There was a cawing of a crow, an old Buick rounding a corner, the wind swishing the hay in the field, and in the mix, my breath.

My breath was just a speck on the country road. Running helps you figure out where you fit in, a small piece in a big picture.

For this epiphany I rewarded myself by slowing down and walking.

April 21, 2011

Small is Beautiful

When I posted on this fitness blog that I wanted to lose 5 to 10 pounds, I got a huge number of readers — more than 60. The number of readers inspired me. I’d hit a nerve. I planned to update regularly on the good news of my easy weight loss. Ummm… Hmmm… Not so much.

Since posting that goal, I’ve said nothing on this blog. I have nothing to report.

As someone who’s never tried to lose weight, I’ve discovered that the story of weight loss is boring. And not too fun. I am not a fan of depriving myself, even in small amounts.

I have tried to cut my portions. Like last Sunday, instead of eating a whole burrito from Chipotle, I split it with my son. I am trying to eat a little less, eat a little healthier and ride my new bike a little more. This does not make for a good story. Good stories have drama — big news, big changes, big ideas, big laughs.

Yet — small is beautiful. Take, for example, small boxes from Tiffany’s, small children in strollers, small status udpates, small acts of kindness.

I’m all for little things making a difference over the long haul. I’d like to post some huge, big news. But all I’ve got today is this one small idea. Small is beautiful.

March 6, 2011

Am Running Today

This is my least favorite part of the day, waking the children. It’s drizzling and it’s Sunday. They’re not excited about today’s 5K at 9 am. A part of me does wonder, Why am I making them and myself run? It’s a huge hassle and I’d rather stay in bed with the New York Times.

I want us to run, because I know we will feel euphoric when we finish. We will have set and then exceeded some small goal. Life rarely offers opportunities to chart your progress.

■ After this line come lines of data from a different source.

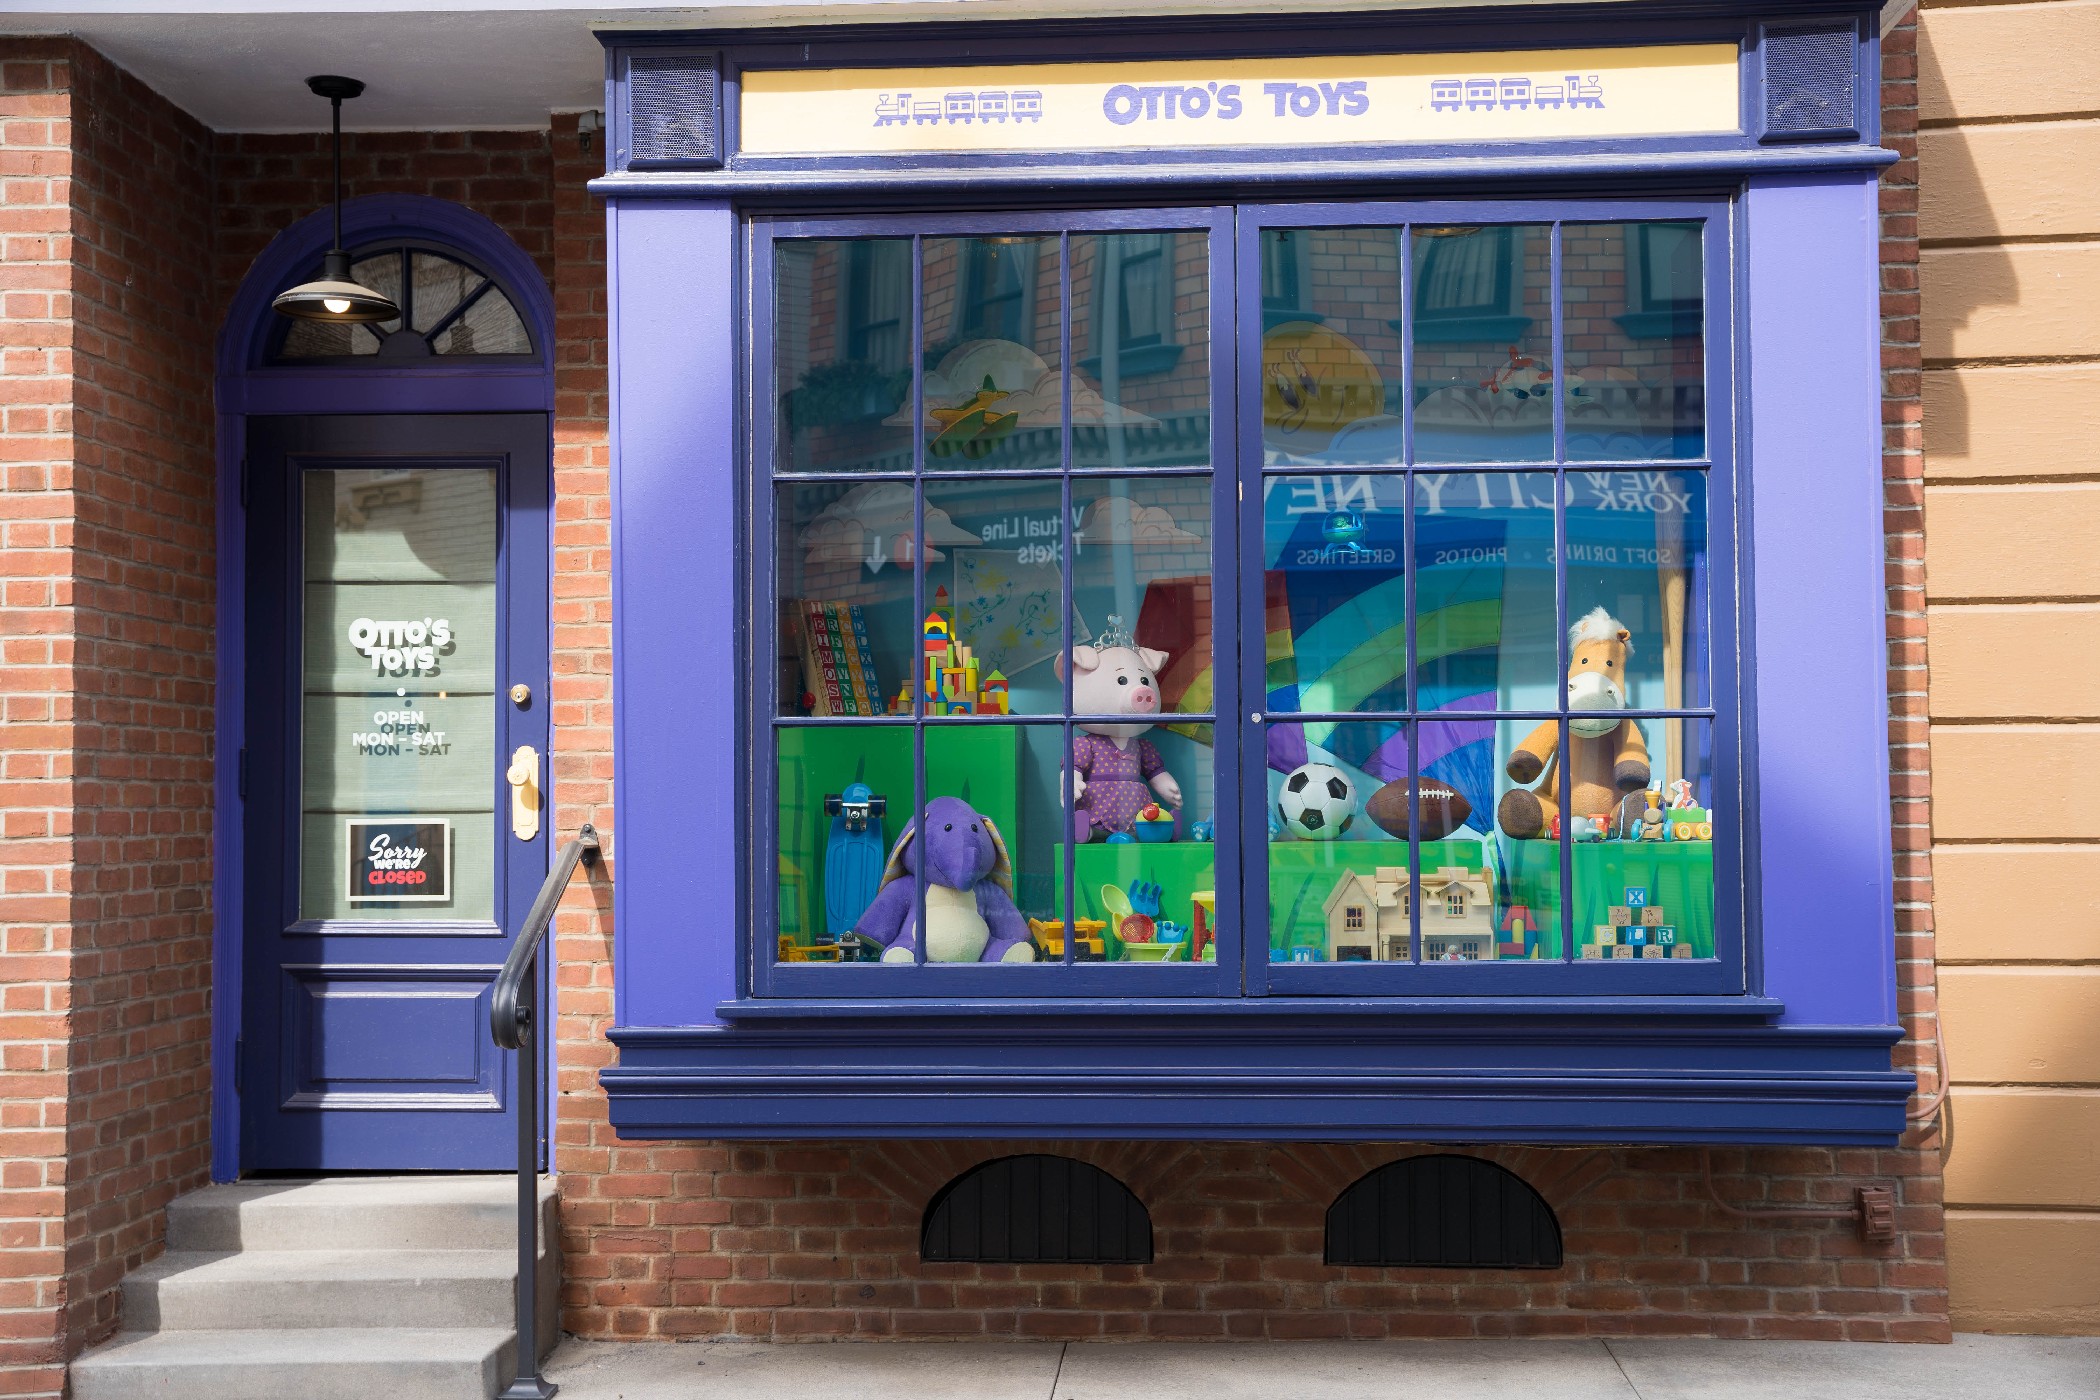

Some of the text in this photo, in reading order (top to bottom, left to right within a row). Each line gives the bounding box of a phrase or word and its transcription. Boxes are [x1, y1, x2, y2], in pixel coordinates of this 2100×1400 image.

[1103, 81, 1370, 125] OTTO'S TOYS
[348, 617, 451, 649] OTTO'S
[365, 646, 435, 670] TOYS
[373, 711, 424, 725] OPEN
[352, 732, 394, 746] MON
[411, 731, 445, 746] SAT
[367, 833, 428, 869] Sorry

I remember the first time I took my son ice skating in Central Park. The first time he went around the rink, he fell eight times. The second time around the rink, he fell two times. And after that, he hardly fell at all. That is how it goes. Take them out and let them fall. And soon they will stand and even skate and run on their own. And there’s some pride in that.

Wish me luck in waking my darlings, in finding running shoes, and in getting to the race on time. It’s not easy, but I believe, somehow, it will be worth it. If we just cross the finish line, we will have won.

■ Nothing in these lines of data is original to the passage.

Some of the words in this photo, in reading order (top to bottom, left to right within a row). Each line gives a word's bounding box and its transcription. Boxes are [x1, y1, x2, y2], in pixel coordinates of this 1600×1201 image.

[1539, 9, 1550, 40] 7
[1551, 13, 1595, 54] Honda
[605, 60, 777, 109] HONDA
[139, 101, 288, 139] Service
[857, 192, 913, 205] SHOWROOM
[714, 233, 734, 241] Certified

http://www.nyrr.org/races/2010/r0307x00.asp

July 27, 2010

Zennis

Dan doesn’t get mad if he misses a shot or double-faults. With the same mess-up, Hayden has thrown his racket and cursed himself. I fall somewhere in between. I like to blurt out, “Bastard,” in a quiet, English accent when I miss a shot. I did note when playing last night that my blurting out, “Bastard!” is ironic, given that I am playing against my own son.

Still, “Bastard!” Hayden really does have a nice little drop shot that he inherited from his dad. And what do I have? I have tenacity. The more I play, the better I get. Dan is really good overall. I think he’s taking a class in Zen Tennis. He has the mind game and the real game down. He’s unflappable, consistent.

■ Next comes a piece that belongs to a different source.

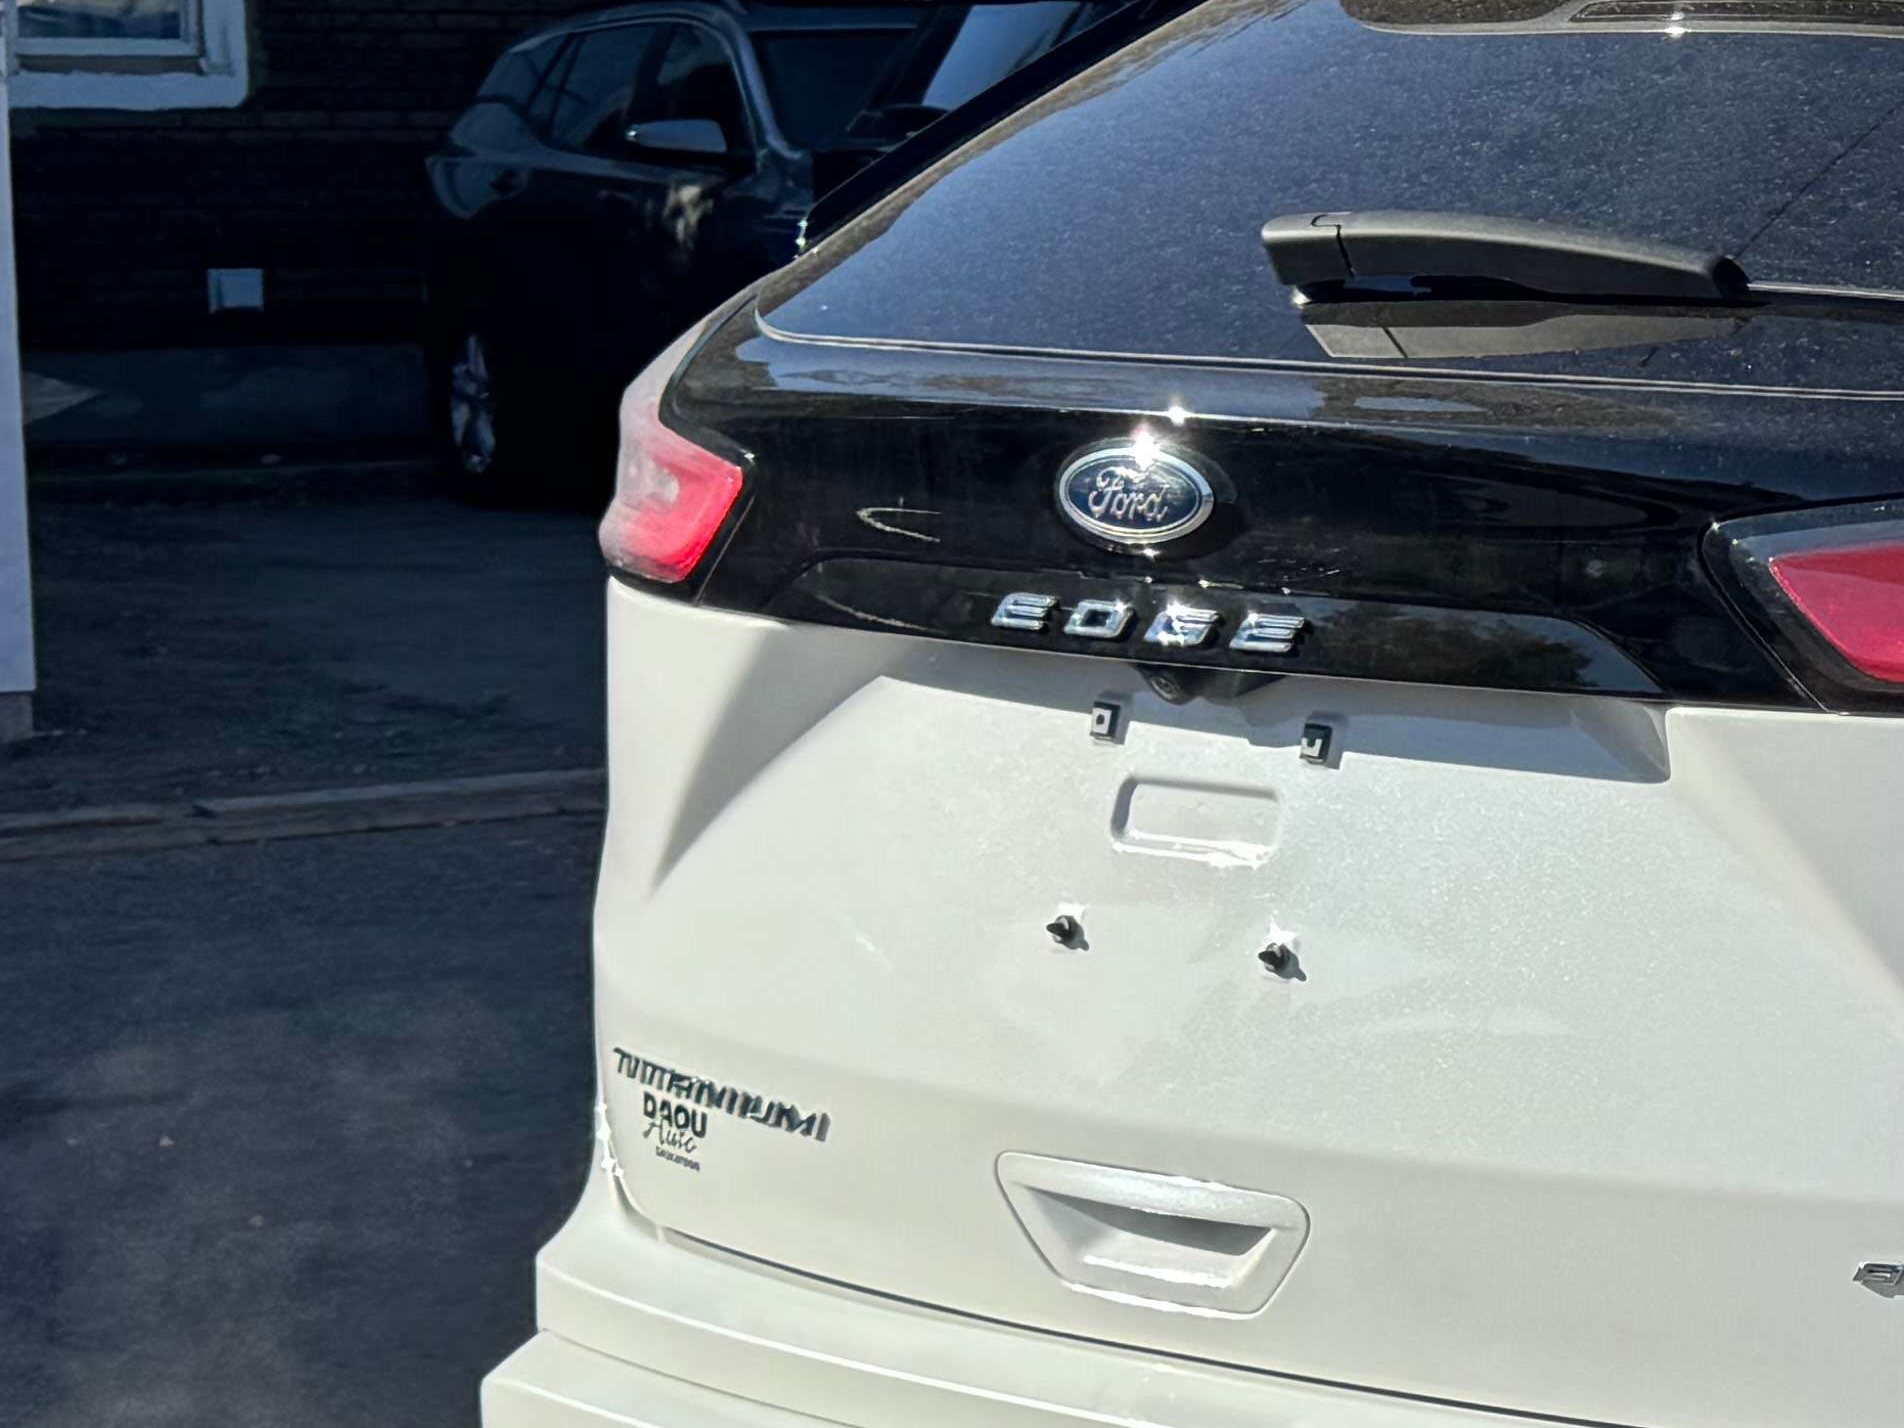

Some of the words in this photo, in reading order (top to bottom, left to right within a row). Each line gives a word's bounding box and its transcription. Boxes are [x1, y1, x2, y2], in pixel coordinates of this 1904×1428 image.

[1087, 465, 1171, 522] Ford
[991, 592, 1306, 654] EDGE
[643, 1090, 708, 1139] DAOU

There is something totally satisfying about the Thwack of hitting a ball. Something very healing about whacking at a ball flying through space. The sound, the feel, the shudder. I am not great at golf or softball, other thwacking-type sports. I just like being outdoors. And as I’ve mentioned on this blog, I love the bonding of playing sports, doing yoga, or running with friends. Only the camaraderie of Happy Hour comes close.

A few of my work friends and I occasionally find a cheap place for Happy Hour beers on payday. I like that part of work — the socializing part after work. (Okay, I also like the socializing part AT work.) But working out with friends is really, really fun.

You learn a lot about people playing against (or with) them in sports. The biggest surprise? How good the IT people are at tennis — Fred and Cynthia, for example — are really athletic. And you don’t always equate computer nerd with jock.

Becoming a grown-up teaches you that people are not simply the high school labels we might impose upon them. People are complex. It shows through in their game.